== DATA SHOWN ==
============

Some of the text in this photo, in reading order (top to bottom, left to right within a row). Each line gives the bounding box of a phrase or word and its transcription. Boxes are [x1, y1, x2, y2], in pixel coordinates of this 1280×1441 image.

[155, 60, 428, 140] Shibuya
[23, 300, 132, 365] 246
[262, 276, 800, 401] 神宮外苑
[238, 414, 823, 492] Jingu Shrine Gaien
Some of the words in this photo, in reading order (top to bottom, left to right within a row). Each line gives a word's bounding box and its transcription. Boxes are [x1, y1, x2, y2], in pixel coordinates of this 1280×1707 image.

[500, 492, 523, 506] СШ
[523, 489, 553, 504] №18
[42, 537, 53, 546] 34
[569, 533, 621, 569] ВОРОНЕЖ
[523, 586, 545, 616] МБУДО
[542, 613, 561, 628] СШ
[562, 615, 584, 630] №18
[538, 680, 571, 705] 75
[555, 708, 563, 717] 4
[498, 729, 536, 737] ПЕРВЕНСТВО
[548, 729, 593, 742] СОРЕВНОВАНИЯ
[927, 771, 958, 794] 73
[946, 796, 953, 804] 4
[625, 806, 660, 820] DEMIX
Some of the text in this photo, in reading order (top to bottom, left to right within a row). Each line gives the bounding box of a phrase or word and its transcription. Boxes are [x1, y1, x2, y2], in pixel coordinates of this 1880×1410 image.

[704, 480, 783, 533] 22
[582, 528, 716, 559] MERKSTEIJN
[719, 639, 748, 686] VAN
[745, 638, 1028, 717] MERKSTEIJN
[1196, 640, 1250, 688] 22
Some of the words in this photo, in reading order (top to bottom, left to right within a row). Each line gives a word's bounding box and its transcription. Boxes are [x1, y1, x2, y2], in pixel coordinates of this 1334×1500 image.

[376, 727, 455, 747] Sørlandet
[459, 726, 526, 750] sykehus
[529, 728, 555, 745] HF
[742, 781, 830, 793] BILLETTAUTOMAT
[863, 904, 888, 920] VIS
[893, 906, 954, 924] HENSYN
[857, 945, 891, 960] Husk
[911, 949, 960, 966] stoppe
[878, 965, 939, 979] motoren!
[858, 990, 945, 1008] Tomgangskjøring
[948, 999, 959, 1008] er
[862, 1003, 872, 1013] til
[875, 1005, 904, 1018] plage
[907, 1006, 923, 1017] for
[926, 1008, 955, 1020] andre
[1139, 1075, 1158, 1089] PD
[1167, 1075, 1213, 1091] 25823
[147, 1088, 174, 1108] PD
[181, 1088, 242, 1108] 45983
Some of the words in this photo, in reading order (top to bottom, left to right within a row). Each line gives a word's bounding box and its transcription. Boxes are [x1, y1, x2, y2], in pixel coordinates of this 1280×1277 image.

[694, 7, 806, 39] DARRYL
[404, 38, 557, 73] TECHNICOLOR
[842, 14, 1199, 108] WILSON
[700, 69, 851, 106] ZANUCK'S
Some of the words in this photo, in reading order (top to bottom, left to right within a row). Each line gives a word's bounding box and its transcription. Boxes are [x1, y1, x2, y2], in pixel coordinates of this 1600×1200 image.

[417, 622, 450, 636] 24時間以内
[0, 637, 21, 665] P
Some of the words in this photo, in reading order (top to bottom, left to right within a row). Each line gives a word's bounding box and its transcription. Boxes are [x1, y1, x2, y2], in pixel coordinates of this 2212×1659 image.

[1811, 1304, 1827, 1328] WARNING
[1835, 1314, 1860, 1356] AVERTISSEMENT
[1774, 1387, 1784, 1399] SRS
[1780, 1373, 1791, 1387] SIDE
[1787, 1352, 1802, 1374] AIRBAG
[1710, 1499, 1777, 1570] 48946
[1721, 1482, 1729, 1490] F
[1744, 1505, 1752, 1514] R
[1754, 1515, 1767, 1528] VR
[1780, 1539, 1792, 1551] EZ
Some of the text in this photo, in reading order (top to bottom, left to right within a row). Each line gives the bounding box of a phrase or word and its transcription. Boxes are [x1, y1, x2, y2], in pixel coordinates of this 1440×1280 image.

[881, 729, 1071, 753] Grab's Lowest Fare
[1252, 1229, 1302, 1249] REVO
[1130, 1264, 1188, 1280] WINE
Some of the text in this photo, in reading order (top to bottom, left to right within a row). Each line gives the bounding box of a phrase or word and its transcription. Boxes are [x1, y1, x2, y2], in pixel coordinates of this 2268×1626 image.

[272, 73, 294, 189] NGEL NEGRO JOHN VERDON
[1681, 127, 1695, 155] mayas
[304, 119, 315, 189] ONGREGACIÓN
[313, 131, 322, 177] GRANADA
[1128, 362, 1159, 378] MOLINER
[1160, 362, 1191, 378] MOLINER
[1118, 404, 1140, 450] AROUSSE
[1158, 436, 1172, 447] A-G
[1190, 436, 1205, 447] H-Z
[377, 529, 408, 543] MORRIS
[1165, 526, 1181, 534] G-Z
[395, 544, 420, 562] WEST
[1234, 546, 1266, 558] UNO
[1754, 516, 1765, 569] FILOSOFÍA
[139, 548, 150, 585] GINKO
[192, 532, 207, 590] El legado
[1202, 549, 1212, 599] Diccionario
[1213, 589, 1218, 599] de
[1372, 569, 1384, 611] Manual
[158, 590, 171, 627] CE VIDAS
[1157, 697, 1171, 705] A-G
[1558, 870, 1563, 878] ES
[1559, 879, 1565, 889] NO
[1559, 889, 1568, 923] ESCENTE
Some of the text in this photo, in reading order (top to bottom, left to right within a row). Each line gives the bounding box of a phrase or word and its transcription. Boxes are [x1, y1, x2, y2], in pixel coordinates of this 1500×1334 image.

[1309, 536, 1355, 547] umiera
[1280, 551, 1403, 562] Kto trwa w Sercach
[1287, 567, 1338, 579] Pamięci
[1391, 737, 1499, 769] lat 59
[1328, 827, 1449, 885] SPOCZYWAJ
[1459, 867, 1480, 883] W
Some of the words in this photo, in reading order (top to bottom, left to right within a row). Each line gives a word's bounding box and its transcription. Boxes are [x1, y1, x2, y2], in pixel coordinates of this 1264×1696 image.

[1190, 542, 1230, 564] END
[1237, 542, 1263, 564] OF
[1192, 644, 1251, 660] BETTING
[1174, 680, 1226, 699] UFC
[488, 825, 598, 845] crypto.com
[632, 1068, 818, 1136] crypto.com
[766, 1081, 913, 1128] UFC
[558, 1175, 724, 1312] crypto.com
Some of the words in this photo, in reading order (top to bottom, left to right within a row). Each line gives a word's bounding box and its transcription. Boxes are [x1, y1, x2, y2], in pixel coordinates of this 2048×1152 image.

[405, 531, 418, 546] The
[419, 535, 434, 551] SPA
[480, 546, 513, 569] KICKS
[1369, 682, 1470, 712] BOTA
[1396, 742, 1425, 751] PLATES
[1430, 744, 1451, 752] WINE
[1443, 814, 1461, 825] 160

============

== ACTION ITEM ==
Restate each record above exactly, leaving nothing out.

== RESULT FOR THIS TASK ==
Some of the text in this photo, in reading order (top to bottom, left to right within a row). Each line gives the bounding box of a phrase or word and its transcription. Boxes are [x1, y1, x2, y2], in pixel coordinates of this 1280×1441 image.

[155, 60, 428, 140] Shibuya
[23, 300, 132, 365] 246
[262, 276, 800, 401] 神宮外苑
[238, 414, 823, 492] Jingu Shrine Gaien
Some of the words in this photo, in reading order (top to bottom, left to right within a row). Each line gives a word's bounding box and its transcription. Boxes are [x1, y1, x2, y2], in pixel coordinates of this 1280×1707 image.

[500, 492, 523, 506] СШ
[523, 489, 553, 504] №18
[42, 537, 53, 546] 34
[569, 533, 621, 569] ВОРОНЕЖ
[523, 586, 545, 616] МБУДО
[542, 613, 561, 628] СШ
[562, 615, 584, 630] №18
[538, 680, 571, 705] 75
[555, 708, 563, 717] 4
[498, 729, 536, 737] ПЕРВЕНСТВО
[548, 729, 593, 742] СОРЕВНОВАНИЯ
[927, 771, 958, 794] 73
[946, 796, 953, 804] 4
[625, 806, 660, 820] DEMIX
Some of the text in this photo, in reading order (top to bottom, left to right within a row). Each line gives the bounding box of a phrase or word and its transcription. Boxes are [x1, y1, x2, y2], in pixel coordinates of this 1880×1410 image.

[704, 480, 783, 533] 22
[582, 528, 716, 559] MERKSTEIJN
[719, 639, 748, 686] VAN
[745, 638, 1028, 717] MERKSTEIJN
[1196, 640, 1250, 688] 22
Some of the words in this photo, in reading order (top to bottom, left to right within a row). Each line gives a word's bounding box and its transcription. Boxes are [x1, y1, x2, y2], in pixel coordinates of this 1334×1500 image.

[376, 727, 455, 747] Sørlandet
[459, 726, 526, 750] sykehus
[529, 728, 555, 745] HF
[742, 781, 830, 793] BILLETTAUTOMAT
[863, 904, 888, 920] VIS
[893, 906, 954, 924] HENSYN
[857, 945, 891, 960] Husk
[911, 949, 960, 966] stoppe
[878, 965, 939, 979] motoren!
[858, 990, 945, 1008] Tomgangskjøring
[948, 999, 959, 1008] er
[862, 1003, 872, 1013] til
[875, 1005, 904, 1018] plage
[907, 1006, 923, 1017] for
[926, 1008, 955, 1020] andre
[1139, 1075, 1158, 1089] PD
[1167, 1075, 1213, 1091] 25823
[147, 1088, 174, 1108] PD
[181, 1088, 242, 1108] 45983
Some of the words in this photo, in reading order (top to bottom, left to right within a row). Each line gives a word's bounding box and its transcription. Boxes are [x1, y1, x2, y2], in pixel coordinates of this 1280×1277 image.

[694, 7, 806, 39] DARRYL
[404, 38, 557, 73] TECHNICOLOR
[842, 14, 1199, 108] WILSON
[700, 69, 851, 106] ZANUCK'S
Some of the words in this photo, in reading order (top to bottom, left to right within a row). Each line gives a word's bounding box and its transcription. Boxes are [x1, y1, x2, y2], in pixel coordinates of this 1600×1200 image.

[417, 622, 450, 636] 24時間以内
[0, 637, 21, 665] P
Some of the words in this photo, in reading order (top to bottom, left to right within a row). Each line gives a word's bounding box and its transcription. Boxes are [x1, y1, x2, y2], in pixel coordinates of this 2212×1659 image.

[1811, 1304, 1827, 1328] WARNING
[1835, 1314, 1860, 1356] AVERTISSEMENT
[1774, 1387, 1784, 1399] SRS
[1780, 1373, 1791, 1387] SIDE
[1787, 1352, 1802, 1374] AIRBAG
[1710, 1499, 1777, 1570] 48946
[1721, 1482, 1729, 1490] F
[1744, 1505, 1752, 1514] R
[1754, 1515, 1767, 1528] VR
[1780, 1539, 1792, 1551] EZ
Some of the text in this photo, in reading order (top to bottom, left to right within a row). Each line gives the bounding box of a phrase or word and its transcription. Boxes are [x1, y1, x2, y2], in pixel coordinates of this 1440×1280 image.

[881, 729, 1071, 753] Grab's Lowest Fare
[1252, 1229, 1302, 1249] REVO
[1130, 1264, 1188, 1280] WINE
Some of the text in this photo, in reading order (top to bottom, left to right within a row). Each line gives the bounding box of a phrase or word and its transcription. Boxes are [x1, y1, x2, y2], in pixel coordinates of this 2268×1626 image.

[272, 73, 294, 189] NGEL NEGRO JOHN VERDON
[1681, 127, 1695, 155] mayas
[304, 119, 315, 189] ONGREGACIÓN
[313, 131, 322, 177] GRANADA
[1128, 362, 1159, 378] MOLINER
[1160, 362, 1191, 378] MOLINER
[1118, 404, 1140, 450] AROUSSE
[1158, 436, 1172, 447] A-G
[1190, 436, 1205, 447] H-Z
[377, 529, 408, 543] MORRIS
[1165, 526, 1181, 534] G-Z
[395, 544, 420, 562] WEST
[1234, 546, 1266, 558] UNO
[1754, 516, 1765, 569] FILOSOFÍA
[139, 548, 150, 585] GINKO
[192, 532, 207, 590] El legado
[1202, 549, 1212, 599] Diccionario
[1213, 589, 1218, 599] de
[1372, 569, 1384, 611] Manual
[158, 590, 171, 627] CE VIDAS
[1157, 697, 1171, 705] A-G
[1558, 870, 1563, 878] ES
[1559, 879, 1565, 889] NO
[1559, 889, 1568, 923] ESCENTE
Some of the text in this photo, in reading order (top to bottom, left to right within a row). Each line gives the bounding box of a phrase or word and its transcription. Boxes are [x1, y1, x2, y2], in pixel coordinates of this 1500×1334 image.

[1309, 536, 1355, 547] umiera
[1280, 551, 1403, 562] Kto trwa w Sercach
[1287, 567, 1338, 579] Pamięci
[1391, 737, 1499, 769] lat 59
[1328, 827, 1449, 885] SPOCZYWAJ
[1459, 867, 1480, 883] W
Some of the words in this photo, in reading order (top to bottom, left to right within a row). Each line gives a word's bounding box and its transcription. Boxes are [x1, y1, x2, y2], in pixel coordinates of this 1264×1696 image.

[1190, 542, 1230, 564] END
[1237, 542, 1263, 564] OF
[1192, 644, 1251, 660] BETTING
[1174, 680, 1226, 699] UFC
[488, 825, 598, 845] crypto.com
[632, 1068, 818, 1136] crypto.com
[766, 1081, 913, 1128] UFC
[558, 1175, 724, 1312] crypto.com
Some of the words in this photo, in reading order (top to bottom, left to right within a row). Each line gives a word's bounding box and its transcription. Boxes are [x1, y1, x2, y2], in pixel coordinates of this 2048×1152 image.

[405, 531, 418, 546] The
[419, 535, 434, 551] SPA
[480, 546, 513, 569] KICKS
[1369, 682, 1470, 712] BOTA
[1396, 742, 1425, 751] PLATES
[1430, 744, 1451, 752] WINE
[1443, 814, 1461, 825] 160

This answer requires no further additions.